START Task input

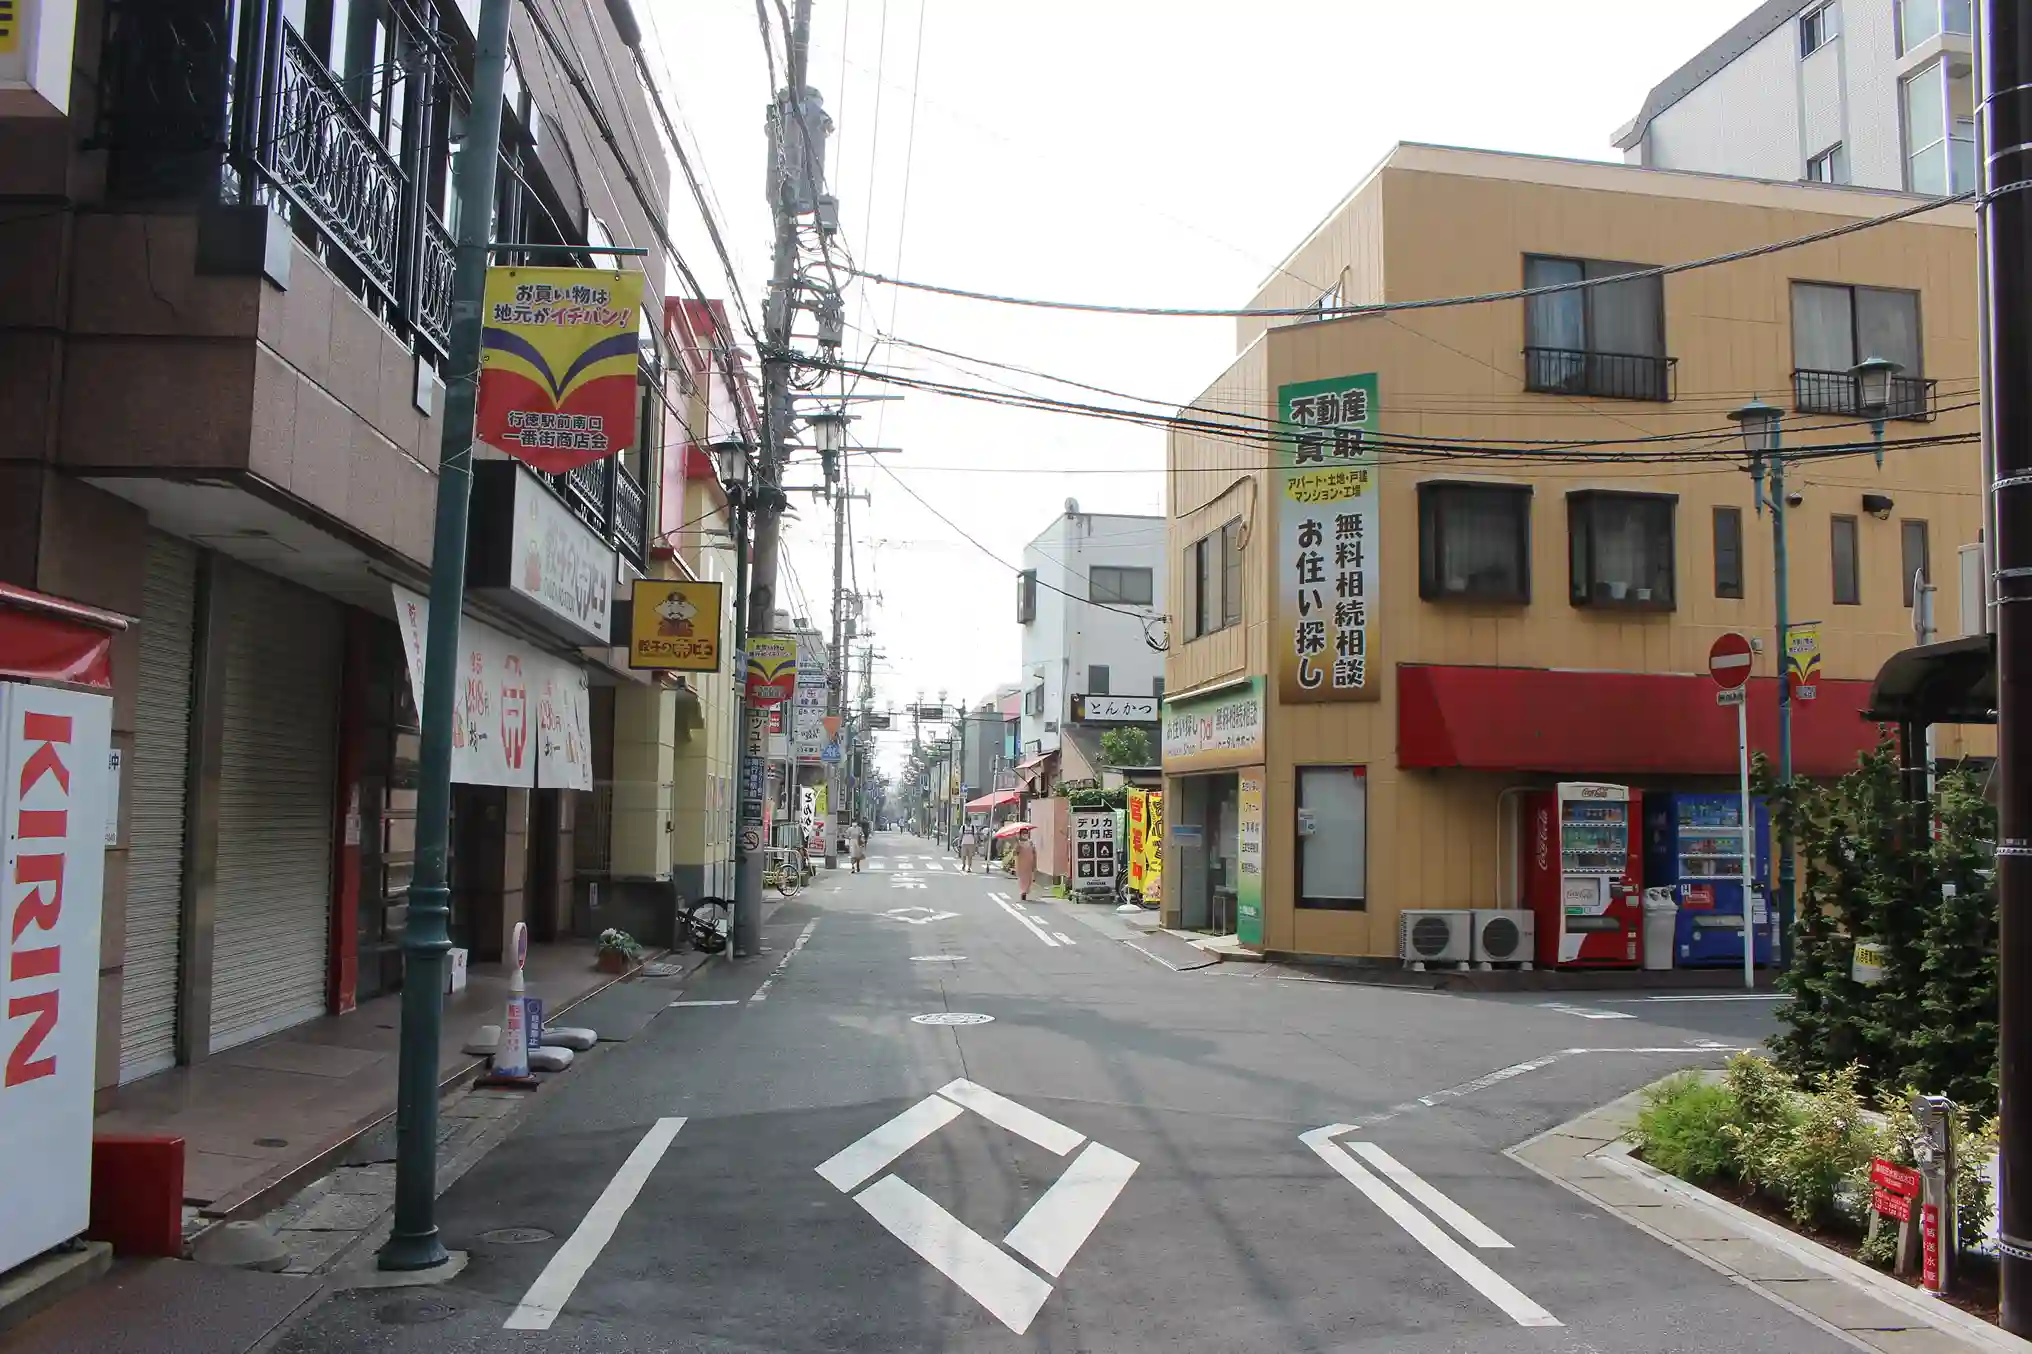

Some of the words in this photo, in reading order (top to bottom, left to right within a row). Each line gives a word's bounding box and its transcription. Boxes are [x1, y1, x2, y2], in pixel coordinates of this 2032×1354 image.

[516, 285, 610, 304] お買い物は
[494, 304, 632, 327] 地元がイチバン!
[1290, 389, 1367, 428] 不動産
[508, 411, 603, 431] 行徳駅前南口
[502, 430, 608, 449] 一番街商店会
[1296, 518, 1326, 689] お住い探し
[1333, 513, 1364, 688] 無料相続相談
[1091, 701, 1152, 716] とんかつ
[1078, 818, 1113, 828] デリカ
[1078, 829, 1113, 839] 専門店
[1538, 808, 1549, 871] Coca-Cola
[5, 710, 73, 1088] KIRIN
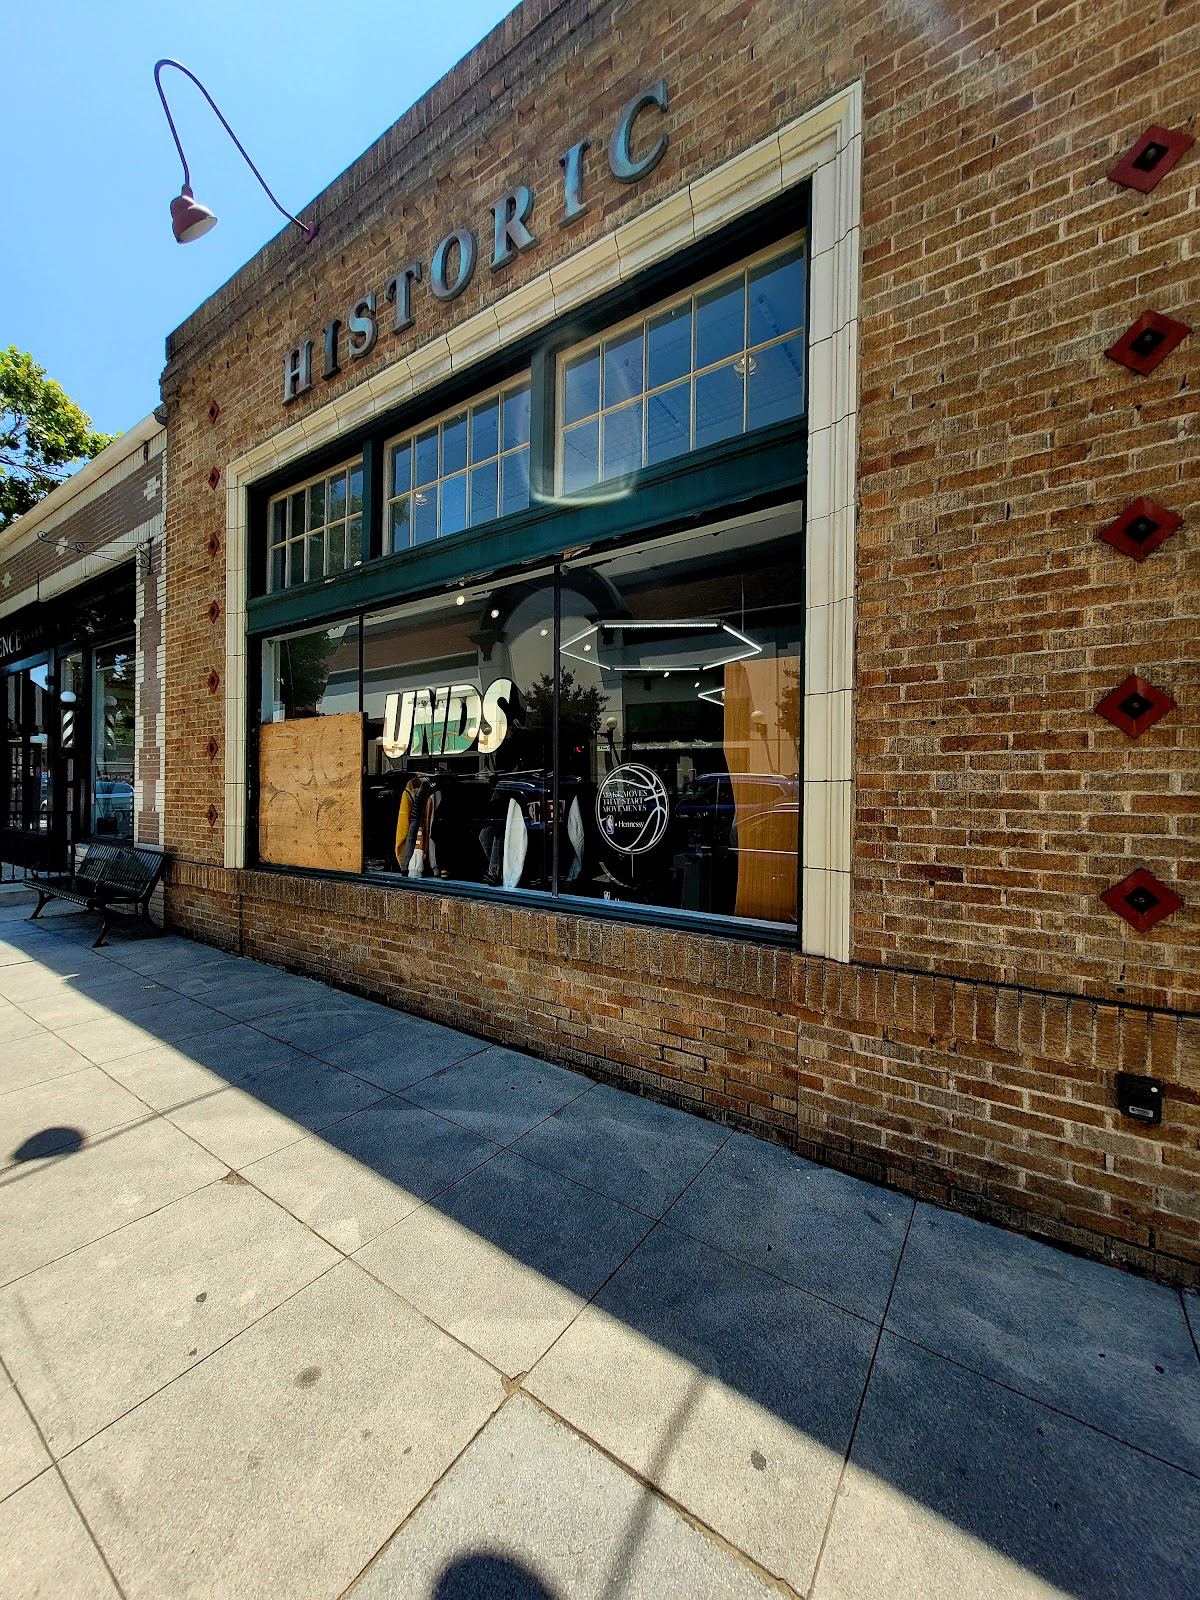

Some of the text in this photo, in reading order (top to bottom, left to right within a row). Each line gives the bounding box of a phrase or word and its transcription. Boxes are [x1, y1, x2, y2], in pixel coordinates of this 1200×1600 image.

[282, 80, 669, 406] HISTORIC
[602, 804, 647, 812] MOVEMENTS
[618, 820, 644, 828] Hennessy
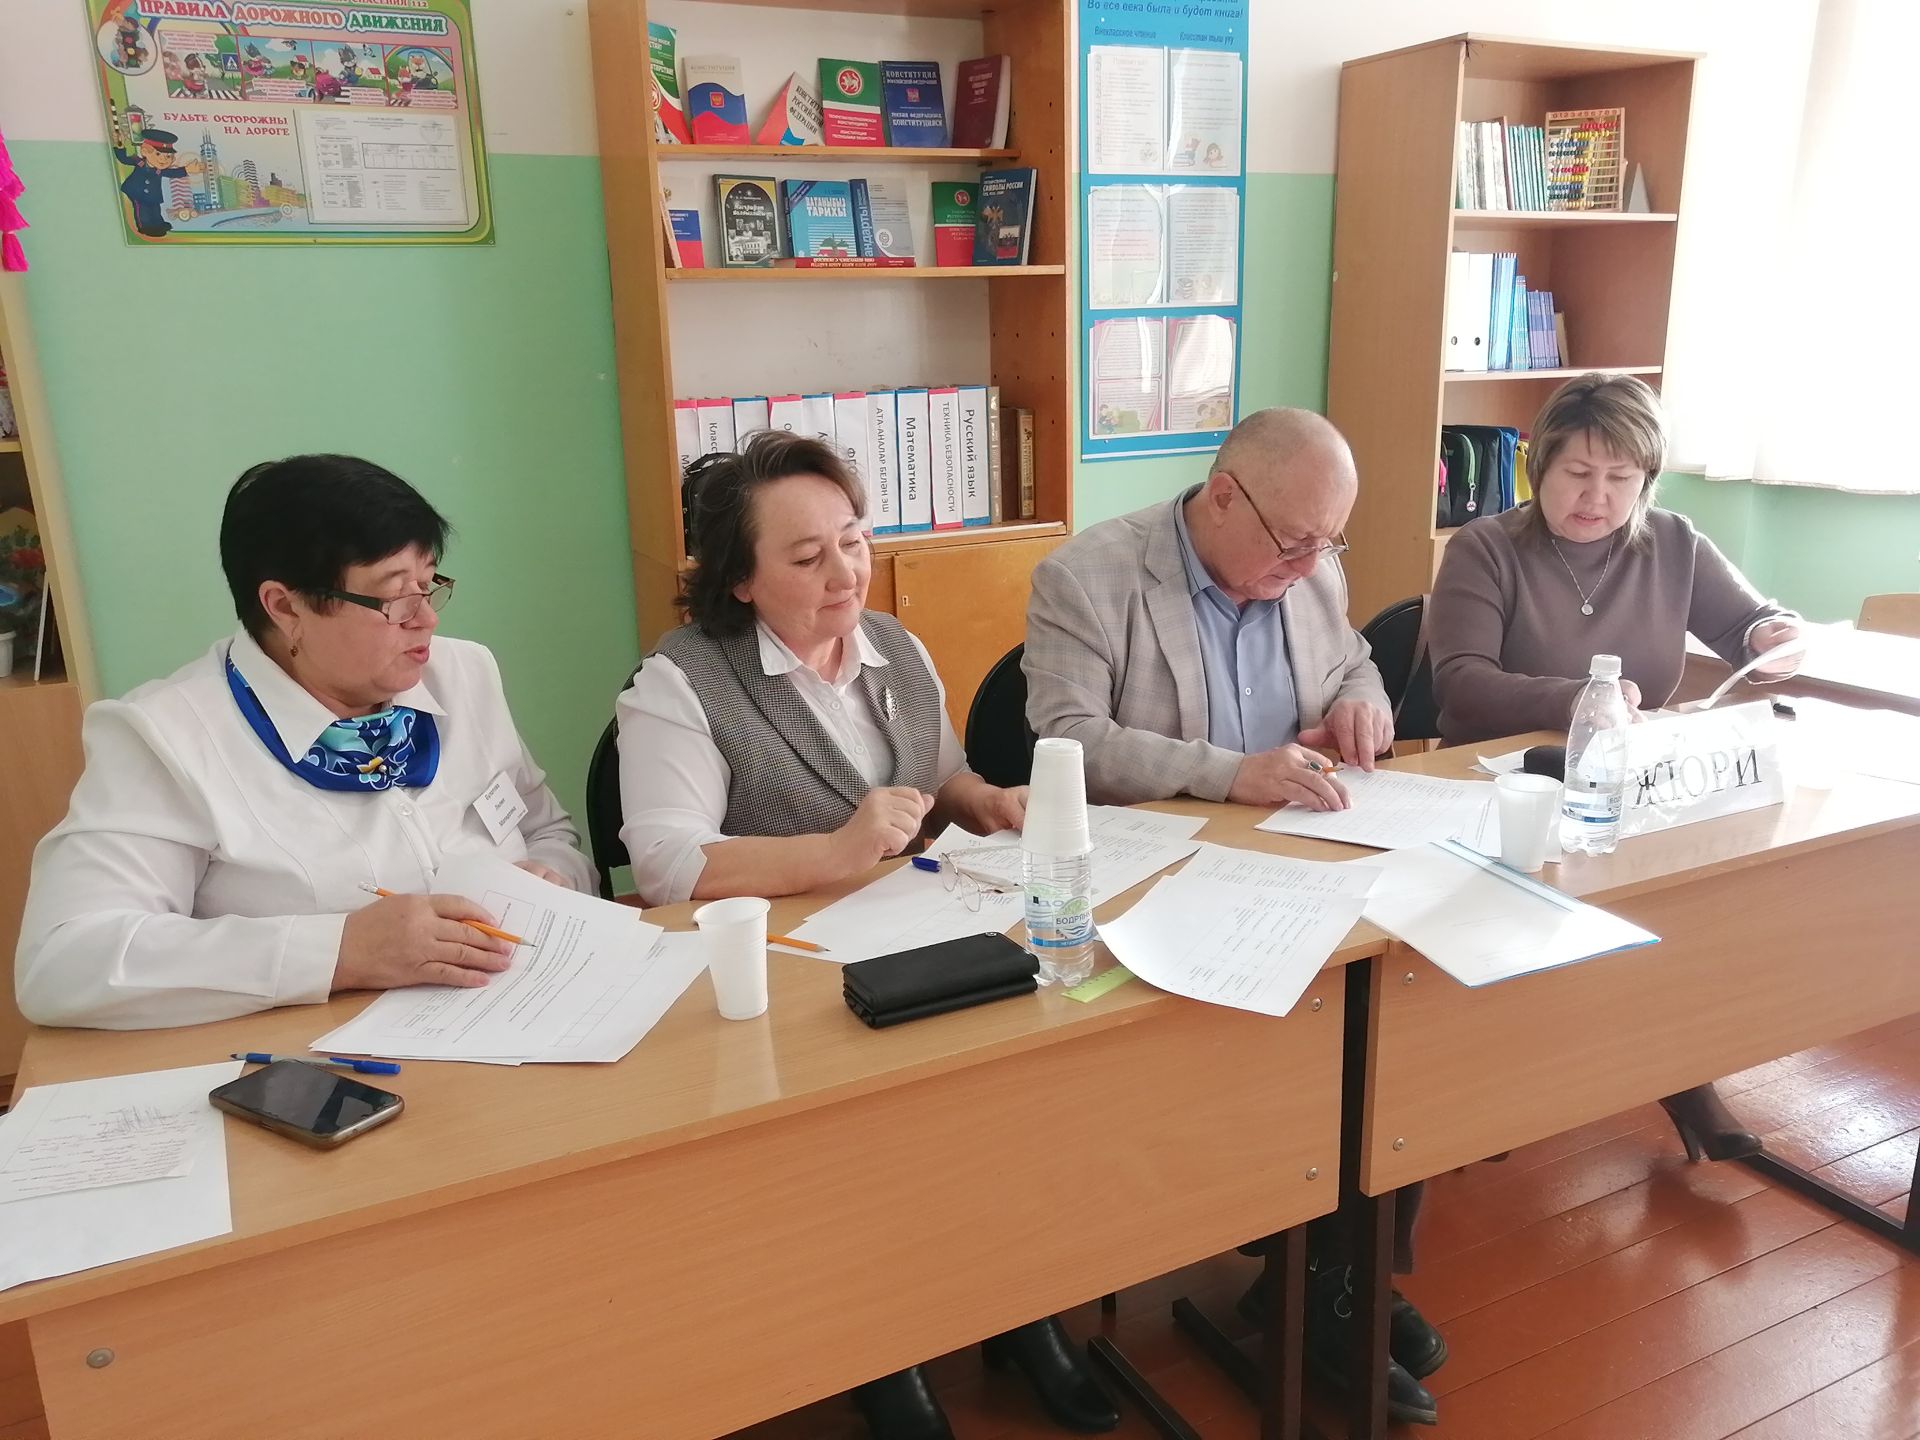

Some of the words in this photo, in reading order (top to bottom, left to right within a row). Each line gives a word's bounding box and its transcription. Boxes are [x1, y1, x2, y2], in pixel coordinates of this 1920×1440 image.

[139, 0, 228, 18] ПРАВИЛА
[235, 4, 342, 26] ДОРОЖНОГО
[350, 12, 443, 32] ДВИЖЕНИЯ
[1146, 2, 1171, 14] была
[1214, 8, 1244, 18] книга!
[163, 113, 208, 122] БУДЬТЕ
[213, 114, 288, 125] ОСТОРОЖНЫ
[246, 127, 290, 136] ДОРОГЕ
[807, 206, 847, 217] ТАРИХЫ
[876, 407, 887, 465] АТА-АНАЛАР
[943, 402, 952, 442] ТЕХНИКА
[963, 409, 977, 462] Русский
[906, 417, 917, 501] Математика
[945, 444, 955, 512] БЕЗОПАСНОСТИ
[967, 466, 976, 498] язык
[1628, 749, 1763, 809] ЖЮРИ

END Task input

**About this exercise**
Each entry is to be returned as it stands, and each picture is to be left out.

**Worked solution**
Some of the words in this photo, in reading order (top to bottom, left to right within a row). Each line gives a word's bounding box and its transcription. Boxes are [x1, y1, x2, y2], in pixel coordinates of this 2032×1354 image.

[516, 285, 610, 304] お買い物は
[494, 304, 632, 327] 地元がイチバン!
[1290, 389, 1367, 428] 不動産
[508, 411, 603, 431] 行徳駅前南口
[502, 430, 608, 449] 一番街商店会
[1296, 518, 1326, 689] お住い探し
[1333, 513, 1364, 688] 無料相続相談
[1091, 701, 1152, 716] とんかつ
[1078, 818, 1113, 828] デリカ
[1078, 829, 1113, 839] 専門店
[1538, 808, 1549, 871] Coca-Cola
[5, 710, 73, 1088] KIRIN

Some of the text in this photo, in reading order (top to bottom, left to right within a row). Each line gives the bounding box of a phrase or word and its transcription. Boxes are [x1, y1, x2, y2], in pixel coordinates of this 1200×1600 image.

[282, 80, 669, 406] HISTORIC
[602, 804, 647, 812] MOVEMENTS
[618, 820, 644, 828] Hennessy

Some of the words in this photo, in reading order (top to bottom, left to right within a row). Each line gives a word's bounding box and its transcription. Boxes are [x1, y1, x2, y2], in pixel coordinates of this 1920×1440 image.

[139, 0, 228, 18] ПРАВИЛА
[235, 4, 342, 26] ДОРОЖНОГО
[350, 12, 443, 32] ДВИЖЕНИЯ
[1146, 2, 1171, 14] была
[1214, 8, 1244, 18] книга!
[163, 113, 208, 122] БУДЬТЕ
[213, 114, 288, 125] ОСТОРОЖНЫ
[246, 127, 290, 136] ДОРОГЕ
[807, 206, 847, 217] ТАРИХЫ
[876, 407, 887, 465] АТА-АНАЛАР
[943, 402, 952, 442] ТЕХНИКА
[963, 409, 977, 462] Русский
[906, 417, 917, 501] Математика
[945, 444, 955, 512] БЕЗОПАСНОСТИ
[967, 466, 976, 498] язык
[1628, 749, 1763, 809] ЖЮРИ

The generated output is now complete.